There is a great demand from patients requiring skin repair, as a result of poorly healed acute wounds or chronic wounds. These patients are at high risk of constant inflammation that often leads to life-threatening infections. Therefore, there is an urgent need for new materials that could rapidly stimulate the healing process and simultaneously prevent infections. Phosphate-based coacervates (PC) have been the subject of increased interest due to their great potential in tissue regeneration and as controlled delivery systems. Being bioresorbable, they dissolve over time and simultaneously release therapeutic species in a continuous manner. Of particular interest is the controlled release of metallic antibacterial ions (e.g. Ag⁺), a promising alternative to conventional treatments based on antibiotics, often associated with antibacterial resistance (AMR). This study investigates a series of PC gels containing a range of concentrations of the antibacterial ion Ag⁺ (0.1, 0.3 and 0.75 mol%). Dissolution tests have demonstrated controlled release of Ag⁺ over time, resulting in a significant bacterial reduction (up to 7 log), against both non-AMR and AMR strains of both Gram-positive and Gram-negative bacteria (Staphylococcus aureus, Enterococcus faecalis, Escherichia coli and Pseudomonas aeruginosa). Dissolution tests have also shown controlled release of phosphates, Ca²⁺, Na⁺ and Ag⁺ with most of the release occurring in the first 24 h. Biocompatibility studies, assessed using dissolution products in contact with human keratinocyte cells (HaCaT) and bacterial strains, have shown a significant increase in cell viability (p ≤ 0.001) when gels are dissolved in cell medium compared to the control. These results suggest that gel-like silver doped PCs are promising multifunctional materials for smart wound dressings, being capable of simultaneously inhibit pathogenic bacteria and maintain good cell viability.

Figure 1

Schematic illustration of the synthesis of the phosphate coacervate gels and main studies performed in the present work.

Figure 2

Ion release of (A) phosphorus, (B) calcium, (C) sodium and (D) silver in deionized water over 7 days for all PC gels. Error bars indicate the mean ± standard deviation (n = 3).

Figure 3

pH analysis of all dissolved in deionised water (A) and cell medium (B) over 7 days. Error bars represent the SD ± mean of two biological replicates.

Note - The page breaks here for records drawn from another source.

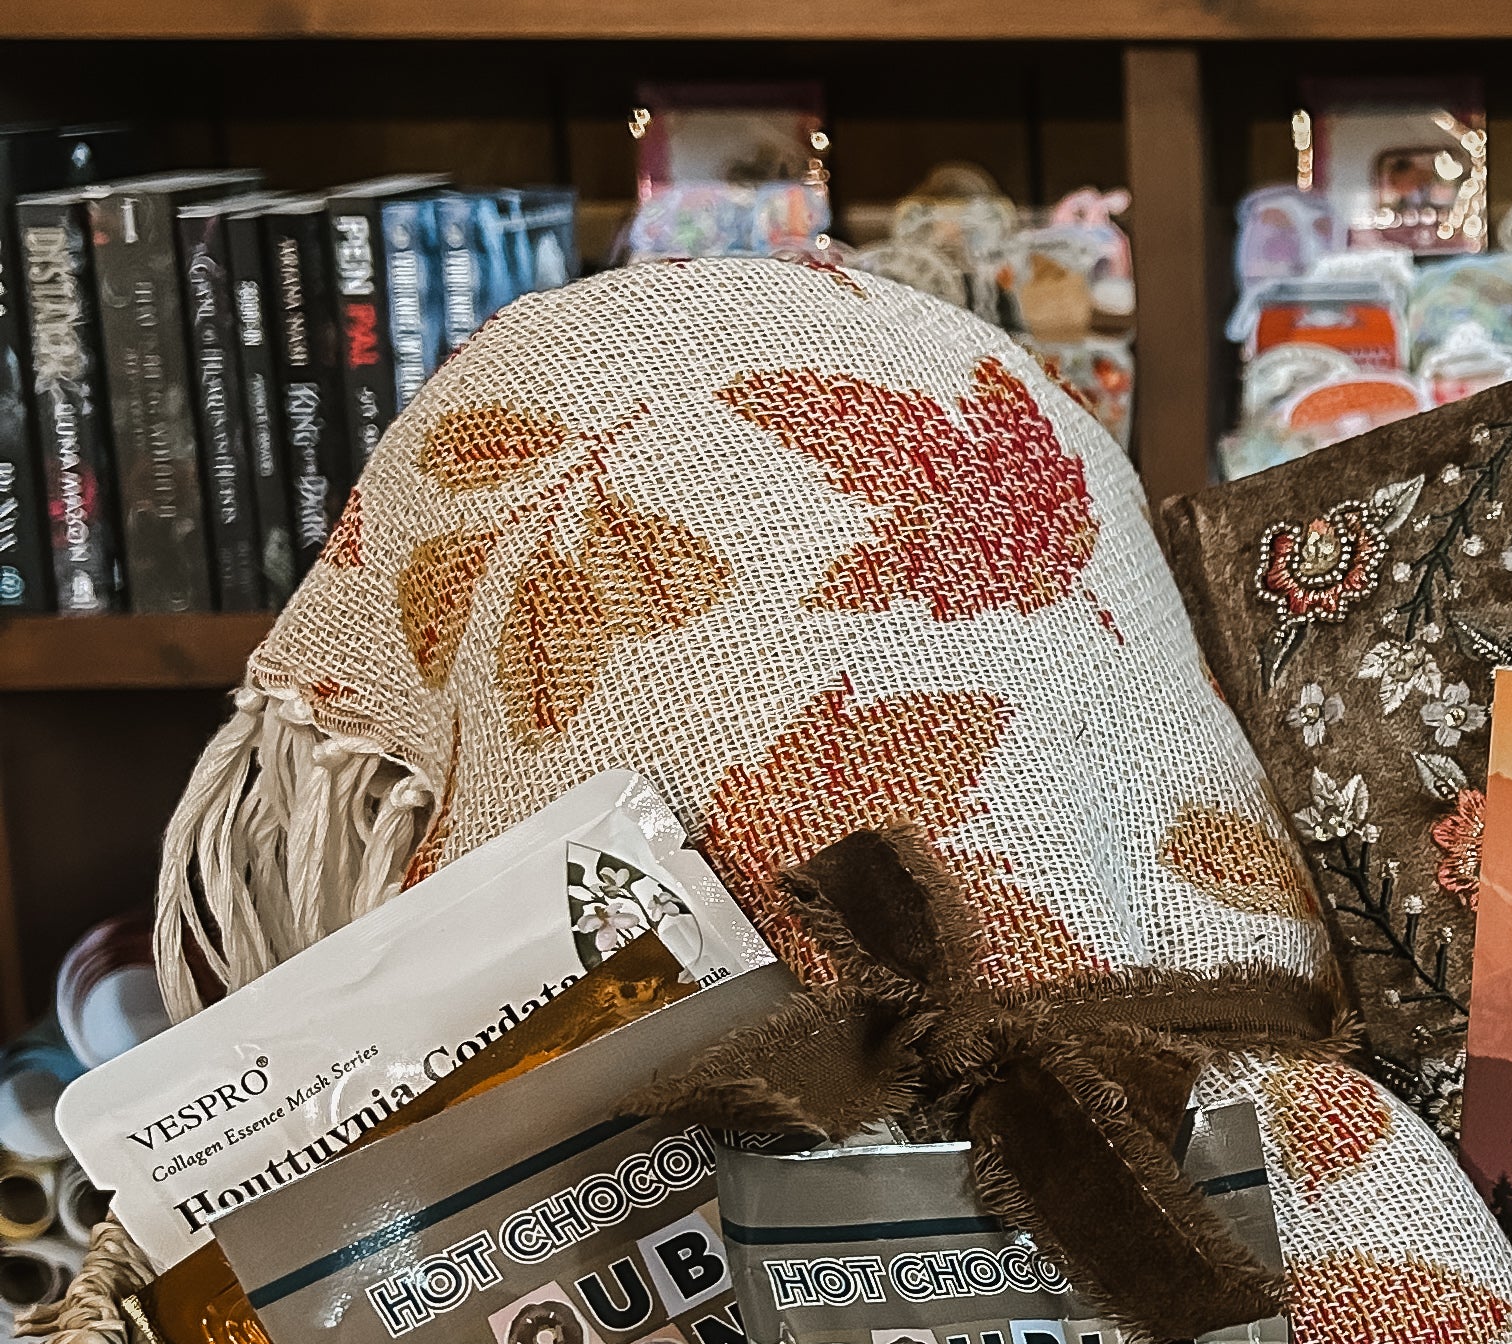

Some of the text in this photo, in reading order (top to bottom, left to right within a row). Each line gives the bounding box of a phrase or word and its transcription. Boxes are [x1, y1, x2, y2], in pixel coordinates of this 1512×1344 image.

[334, 216, 379, 367] PEN PAL
[54, 403, 88, 562] LUNA MASON
[152, 1044, 379, 1182] Collagen Essence Mask Series
[366, 1125, 730, 1337] HOT CHOCOL
[763, 1243, 1074, 1311] HOT CHOCO

PBS was used as a control for this experiment.

Figure 4

FTIR spectra of the undoped (PC) and silver doped (PC_Ag) gels.

Figure 5

Antibacterial activity of PC gels against non-AMR and AMR bacterial strains of S. aureus, E. faecalis, E. coli and P. aeruginosa. Bacterial reduction is expressed as the mean of CFU/mL ± standard deviation (error bars). Statistical analysis was performed using two-way ANOVA (**p ≤ 0.01; ***p ≤ 0.001; ****p ≤ 0.0001). Asterisks illustrate the degree of statistical difference of the samples when compared to the control.

Figure 6

MTT analysis of HaCaT cells infected with bacteria in the presence of coacervate gels dissolution products in deionised water and cell medium. Error bars indicate the mean ± standard deviation. Statistical analysis was performed using one-way ANOVA (*p ≤ 0.05; **p ≤ 0.01; ***p ≤ 0.001). Asterisks illustrate the degree of statistical difference when compared to the challenging sample.

Figure 7

Infection of HaCaT cells with bacterial strains after 24 h incubation with coacervate dissolution products in water and cell medium. A culture of HaCaT cells was used as a control (uninfected). Error bars indicate the mean ± standard deviation (n = 3).